You know when idiot editors meddle or reject your hypothesis, which then gets proved right? Yes. Just happened.

 

My once rejected article which is still “under edit”, is already being proved right. How frustrating is that?

 

I wrote an article on British Grand Strategy post Brexit on October 14th. I submitted it to a UK journal, which I obviously cannot name here.

There is this para which raised a few eyebrows.

The European Union, is a political construct, and as long as it stays, harsh though it may sound, it might tend to look at United Kingdom post Brexit as a rival source of competition. UK has unleashed, or at least inspired a lot of national socialist and populist forces within EU, and the survival of EU depends on dominating and defeating these forces and that cannot be done, unless UK either compromises with EU on single market or capitulates to a more powerful EU. Already there is extreme friction with regards to an European security force led by none other than Germany, which understandably leaves UK shaken as it leads to a separate division and bureaucratization of European security command alongside NATO, not to mention the nightmarish idea of a potential joint military force across a narrow sea, of which UK is not a part of. With regards to that, what then should therefore be the British strategy? Would she join forces with Russia, another great power (albeit a rogue one) which might feel threatened by the same development? Should Britain then try to persuade United States that a single economic and military union in Europe is actually a hegemonic idea which is not desirable and one that both US and UK should oppose, because frankly no one knows how this union might act in future? Or should it covertly instigate separatist conservative anti-centralisation forces across the continent?

This is not a a fortunate or necessary development, however, nor is it desirable and is being advocated here. It is just a plausible scenario that falls within the realms of statistical possibility and therefore must be taken into account in any such analysis.

Here’s a reviewer comment I received on my overall post. One sentence from it.

I found your article interesting earlier, on a second read I think it needs a fair bit of re-drafting. That’s not to say that I don’t want to publish it, just that I can’t in its current state.

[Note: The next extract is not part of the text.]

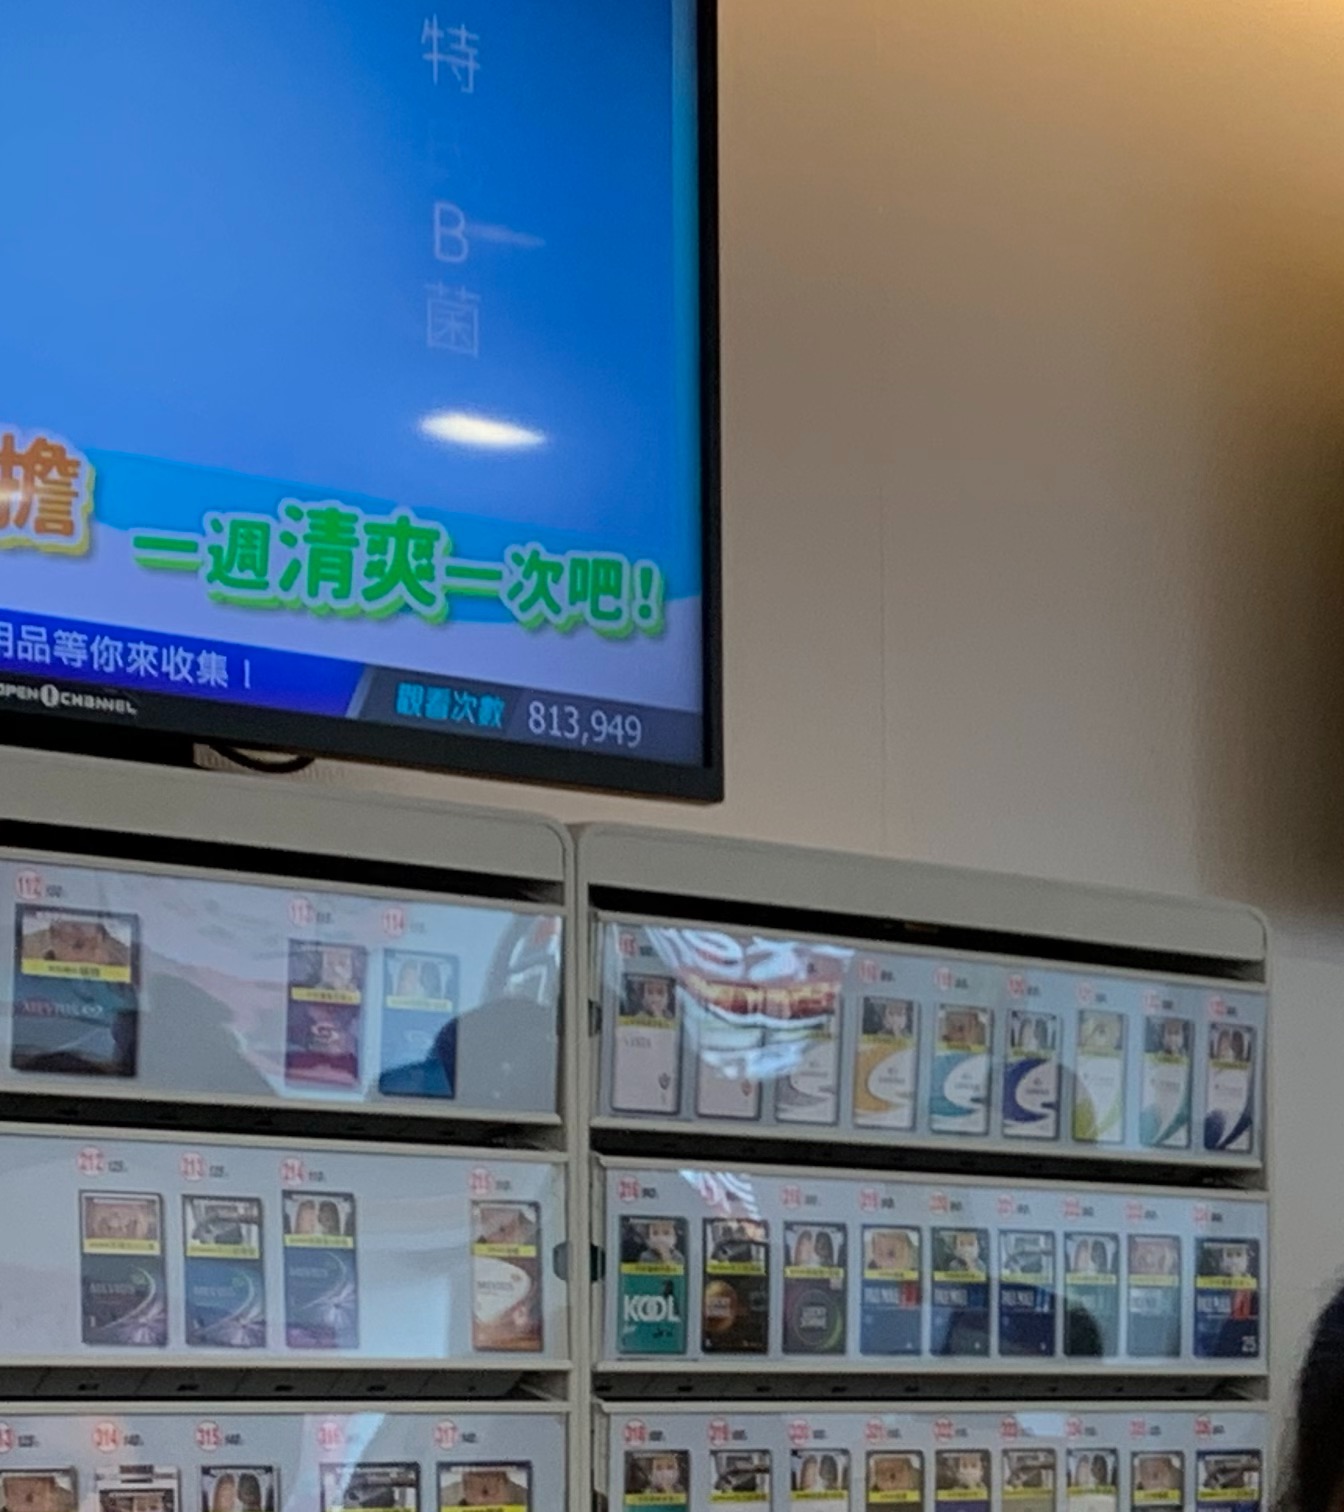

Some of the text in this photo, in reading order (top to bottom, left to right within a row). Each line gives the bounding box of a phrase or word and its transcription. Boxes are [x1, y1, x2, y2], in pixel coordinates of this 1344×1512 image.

[133, 503, 662, 626] 一週清爽一次吧!
[396, 682, 505, 727] 觀看次數
[528, 701, 642, 748] 813,949
[624, 1293, 681, 1323] KOOL

On the specific para mentioned above, the comment I received was,

I don’t see the value of speculating about a possible future European conflict? Is it a credible possibility?” (Emphasis on credible.)

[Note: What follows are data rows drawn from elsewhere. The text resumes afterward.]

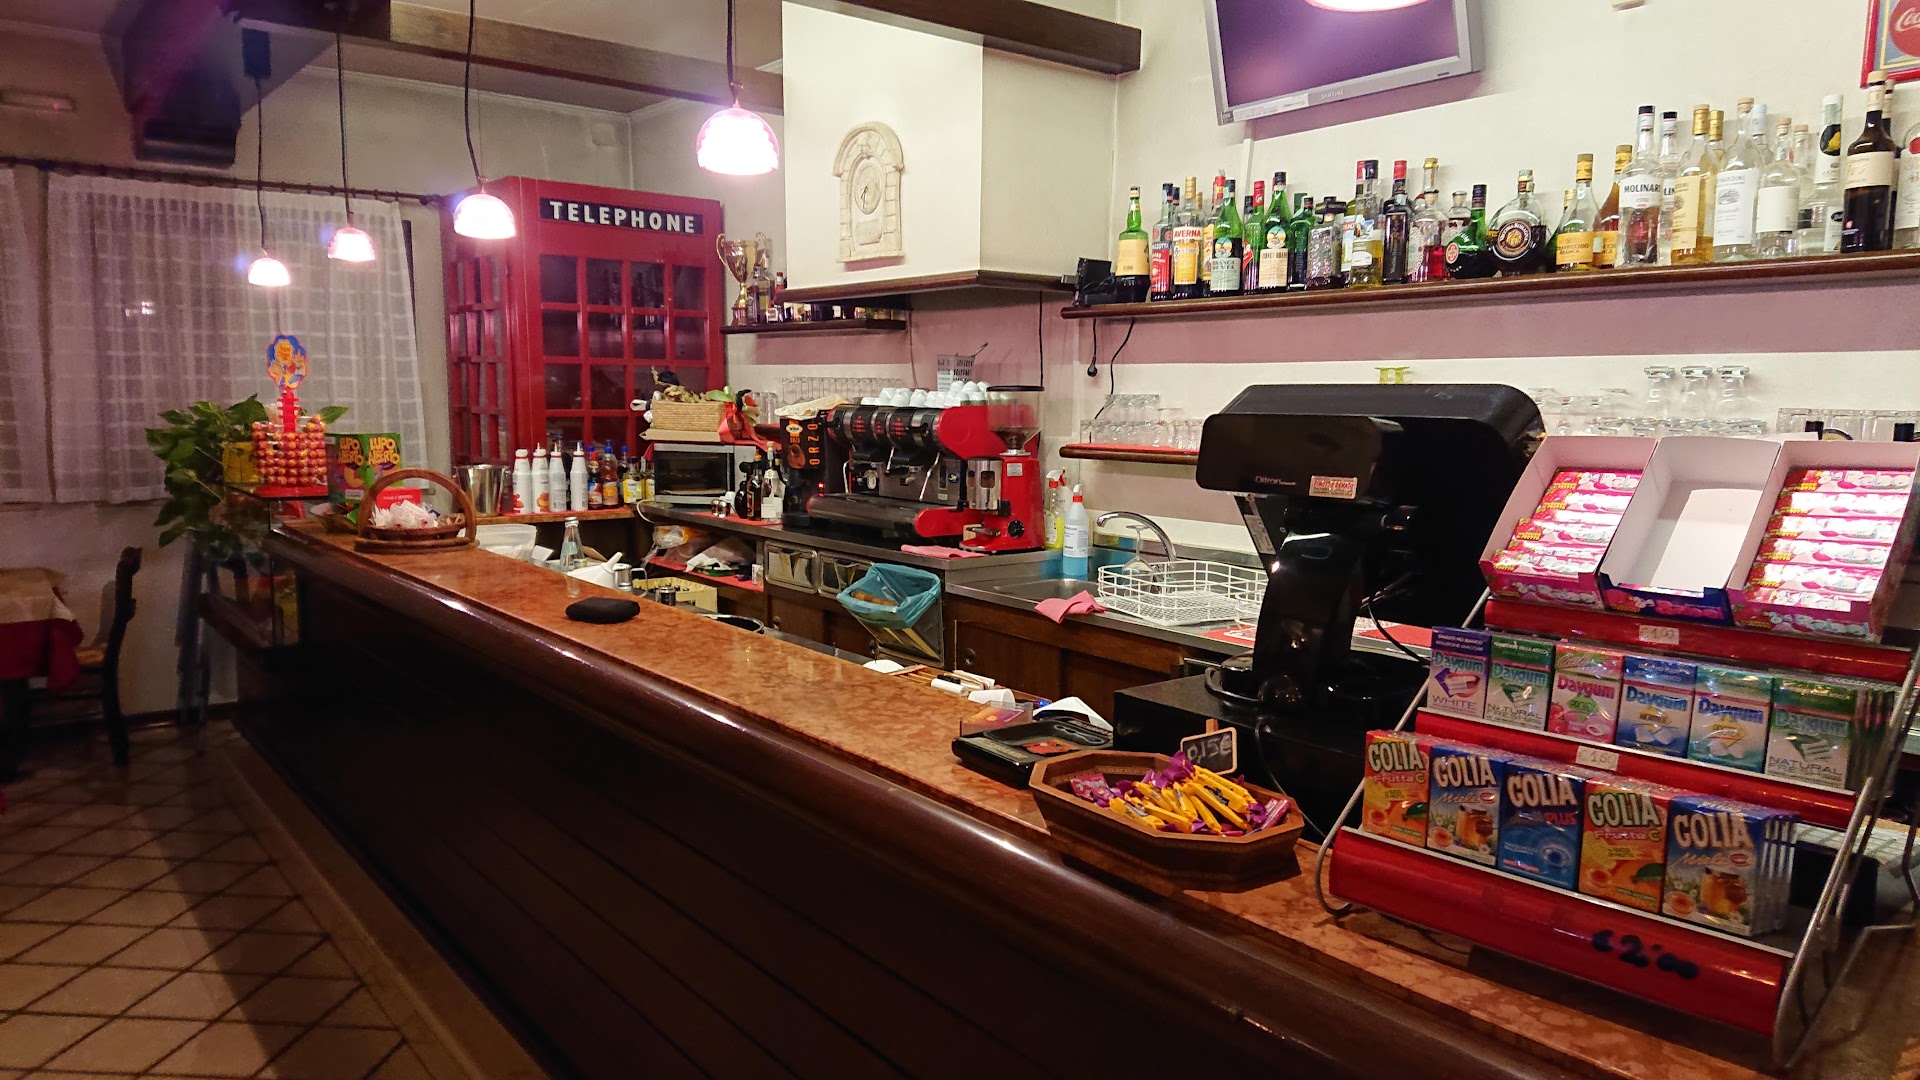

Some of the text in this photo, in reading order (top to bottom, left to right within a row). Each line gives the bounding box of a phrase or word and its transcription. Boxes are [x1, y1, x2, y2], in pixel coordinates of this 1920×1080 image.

[549, 201, 695, 234] TELEPHONE
[1174, 229, 1202, 238] AVERNA
[369, 436, 396, 451] LUPO
[807, 423, 820, 465] ORZO
[1434, 651, 1485, 674] Daygum
[1492, 661, 1548, 686] Daygum
[1557, 675, 1615, 699] Daygum
[1626, 685, 1688, 712] Daygum
[1432, 695, 1477, 709] WHITE
[1487, 703, 1544, 719] NATURAL
[1698, 696, 1764, 724] Daygum
[1774, 708, 1849, 738] Daygum
[1768, 756, 1843, 776] NATURAL
[1373, 773, 1413, 784] Frutta

Needless to say, I submitted it to another journal, this time in US. They have accepted it, because US simply is more open on giving platform to different ideas without much editorial meddling. The reason why they are globally number 1 in research. It is however not published yet, as it is still under editorial proof-checking stage.

Interesting, THIS came out as a policy suggestion from the Conservative Policy Forum. On October 31, almost half a month since I first predicted that this will inevitably be considered as a policy, given the history of great power behaviour which is my area of speciality, but my article is still not published online.

How frustrating is that? This is what happens when omniscient editors who are not in anyway knowledgeable on International Relations theory, try their expertise on things they know nothing about.